Mom: Turn on Thickson
Dad: Dickson??
Mom: Thickson!
Dad: Erickson?
Mom: Boy, yah nah hear meh?
Dad: Where do I turn?!
Mom: Eh, nah, man, is deh same name deh bois call deh sexy gyrls back home!
Dad: Thick? Oh, Thickson!

And that, friends, is how my parents give each other driving directions

The Best Start to 2018

Photo credit @cipriann | unsplash.com

Reuniting a lost pup with their owner is the best kind of start to the new year—especially as 2018 has begun with a sharp -30, plus wind chill.

Here’s to hot chocolate, warm paws, and snuggles between people and those with puppy noses.

It’s all about the equipment

Photo credit: Greg Rakozy | @grakozy | Unsplash

This winter, Edmonton has experienced an unseasonable amount of balmy temperatures. So much so, the dog park has a thin ice warning at its entrance. Plus, dog walkers are walking with icers (spikes) on their feet as the combination of temperatures and wind makes for an ice rink rather than a snowy trail.

As I watch some of the walkers slip, slid, and shiver their way down the main path, I’m reminded of how important the proper equipment can be. Snow boots, mitts, thermals, etc. It’s amazing how the proper coat can turn dog walking from a chore into an activity you don’t want to end.

Writing, I feel, is the same way. The successful writer knows whether they best work with pen and paper, as opposed to keyboard and screen, whether they enjoy plotting via apps or index cards. No matter what the physical equipment, I can’t help but think that the mental equipment is what’s *really* necessary.

For me, it’s patience, understanding the industry will be difficult and heartbreaking (so don’t take it too hard when it’s difficult and heartbreaking), persistence, and a band of brothers—writers/friends/family who uplift me when the going gets tough and cheer me on when it’s a smooth ride.

No matter if you’re a panster or a plotter, a write-by-hand or a write-by-screen, make sure you give your metaphorical closet a good look, and ensure you have the right equipment inside.

A day well spent

Photo credit Alexandru Rotariu (@rotalex) |Unsplash

Too often, for my taste, I find myself consumed by the business of life: work, career, deadlines, bills. It’s an effort to stay mindful and aware of the world around me, but it’s all too easy to judge myself according to a weird standard no one can ever match.

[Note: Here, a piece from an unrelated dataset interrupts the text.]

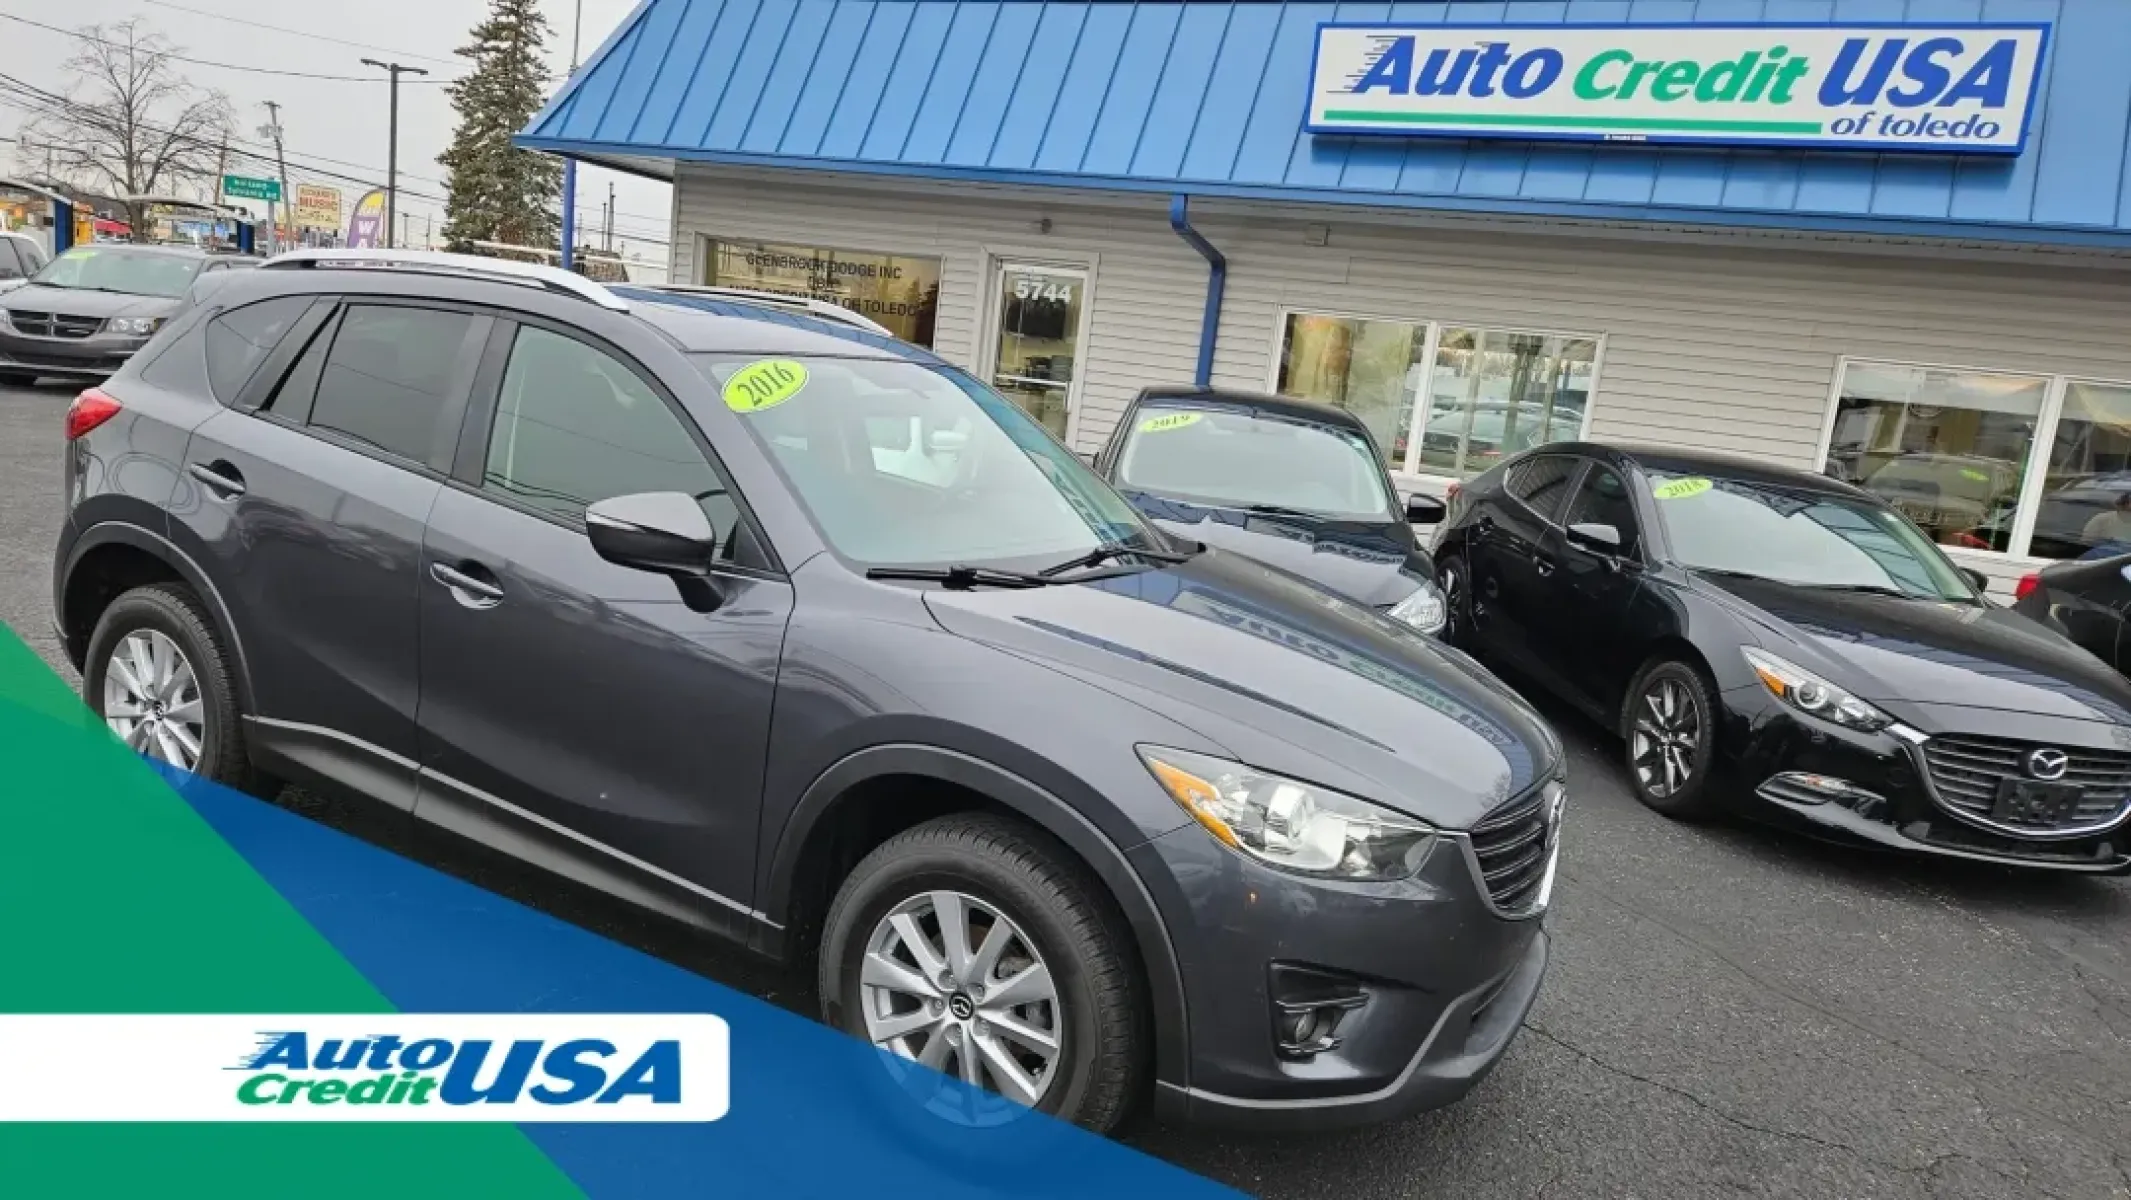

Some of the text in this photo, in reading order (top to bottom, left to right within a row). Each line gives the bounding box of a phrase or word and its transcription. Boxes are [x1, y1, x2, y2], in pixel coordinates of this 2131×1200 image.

Last week, however, I got a good reminder on the difference between living and having a life. I was running a little late for a meeting, beating myself up over the lack of punctuality, when who should I see coming up my driveway when but the neighbour’s dog, a giant teddy-bear of a fur-ball. Aware that my neighbour sometimes allows him to walk to the car by himself, and hoping the short delay wouldn’t make me too late, I took him by the collar and led him back to the house.

Where I found the front door cracked open.

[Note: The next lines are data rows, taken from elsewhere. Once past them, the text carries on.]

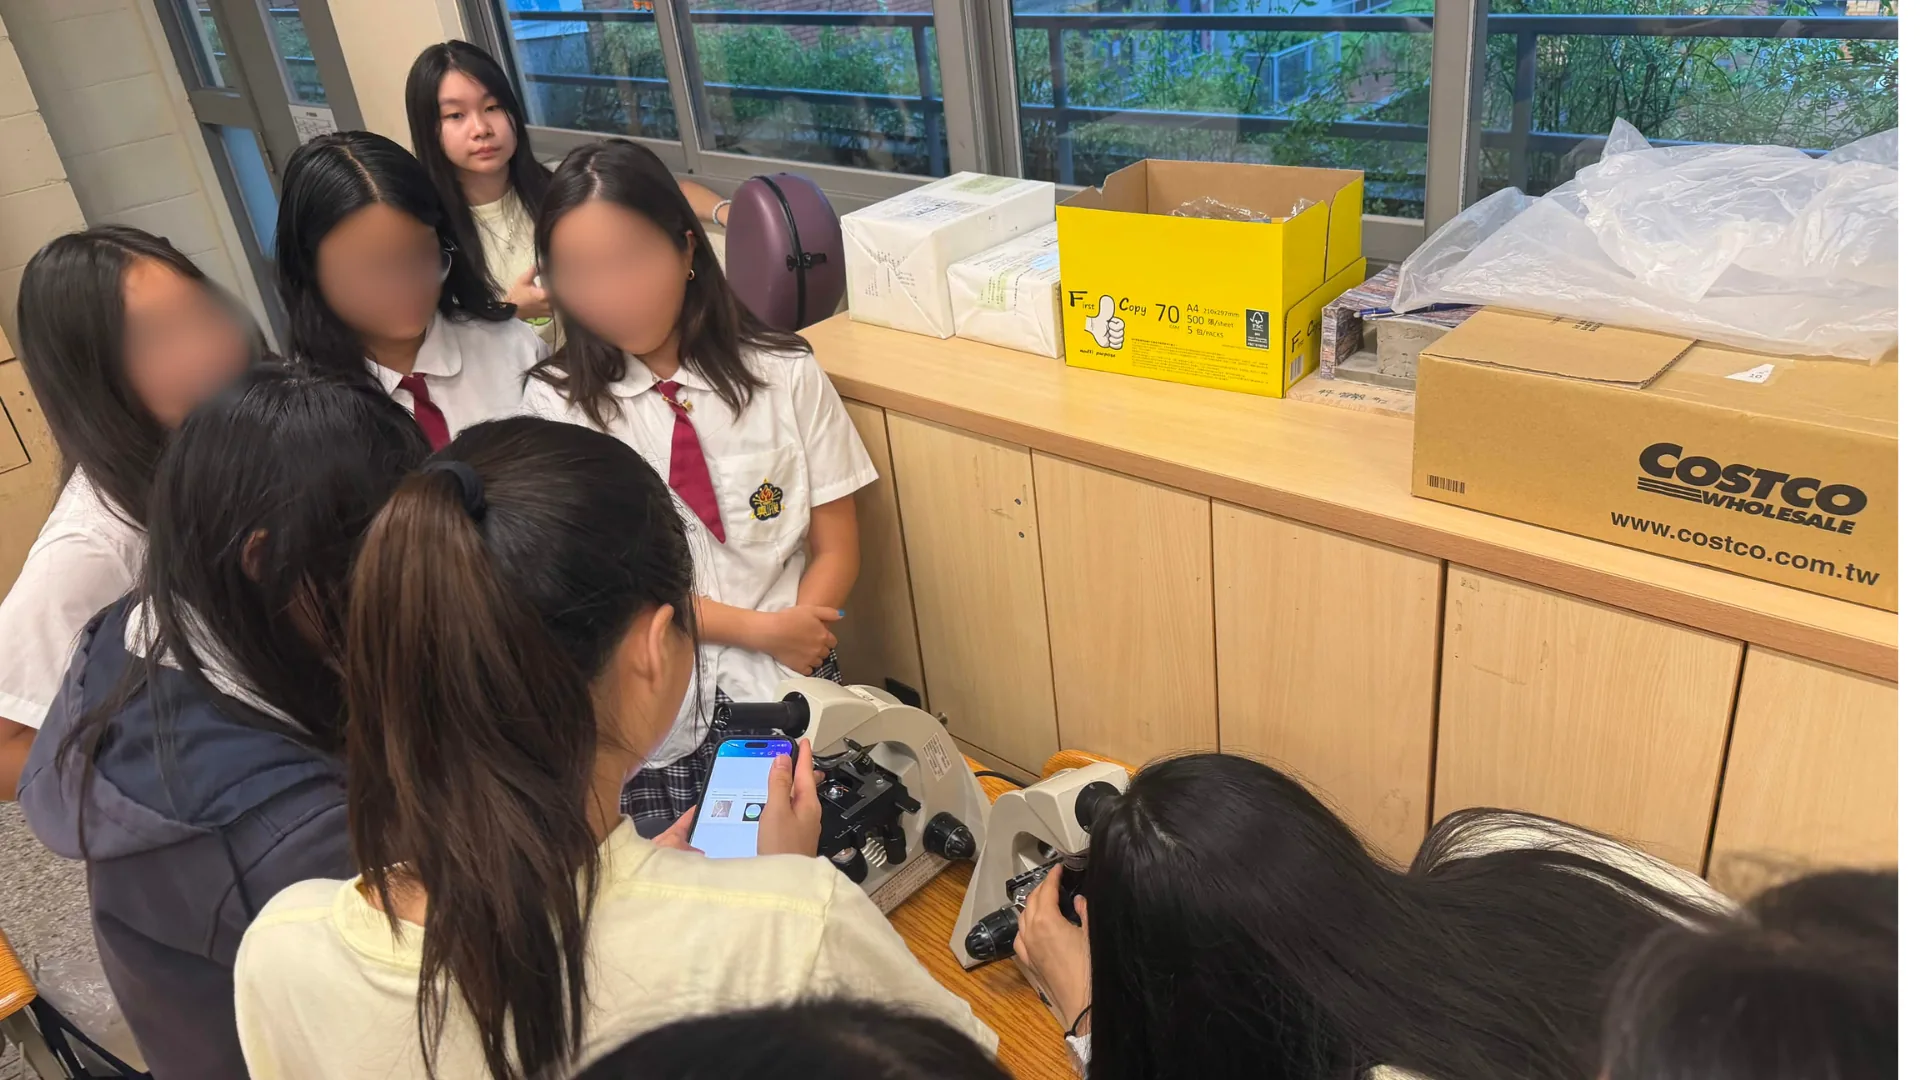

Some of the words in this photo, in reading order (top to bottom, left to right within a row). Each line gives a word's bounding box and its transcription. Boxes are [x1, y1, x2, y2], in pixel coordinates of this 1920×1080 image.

[1068, 290, 1096, 310] First
[1118, 297, 1147, 317] Copy
[1155, 303, 1180, 324] 70
[1186, 303, 1199, 313] A4
[1186, 314, 1205, 325] 500
[1187, 325, 1193, 335] 5
[1638, 442, 1868, 516] COSTCO
[1700, 490, 1856, 535] WHOLESALE
[1610, 511, 1881, 586] www.costco.com.tw

I called and called, but no one answered. After securing the pup in the house, I had a choice. Walk away and assume all was well, or take a moment to sort it through.

I have a five-year rule for myself, as in, will this matter five years from now? It’s an easy ruler to hold my decisions to–in five years, it won’t matter that I was a little late, in five years the person I was meeting would understand why I texted I would be late, in five years, I’d never get over walking away and then finding out something had happened to my neighbour.

I phoned her, visions of heart attack/illness clouding the sound of the phone on the other end. She was horrified—he was *not* supposed to be out. We sorted through it all, (the new weather stripping was the culprit as it wouldn’t allow the door to close properly), ensured the big-little man was safe and secure, and I left for my appointment.

Because of the delays and the unexpected moment to step in for my neighbour and her dog, I got little else accomplished that day. No writing, no administration, emails unanswered, but I was satsisfied with the day.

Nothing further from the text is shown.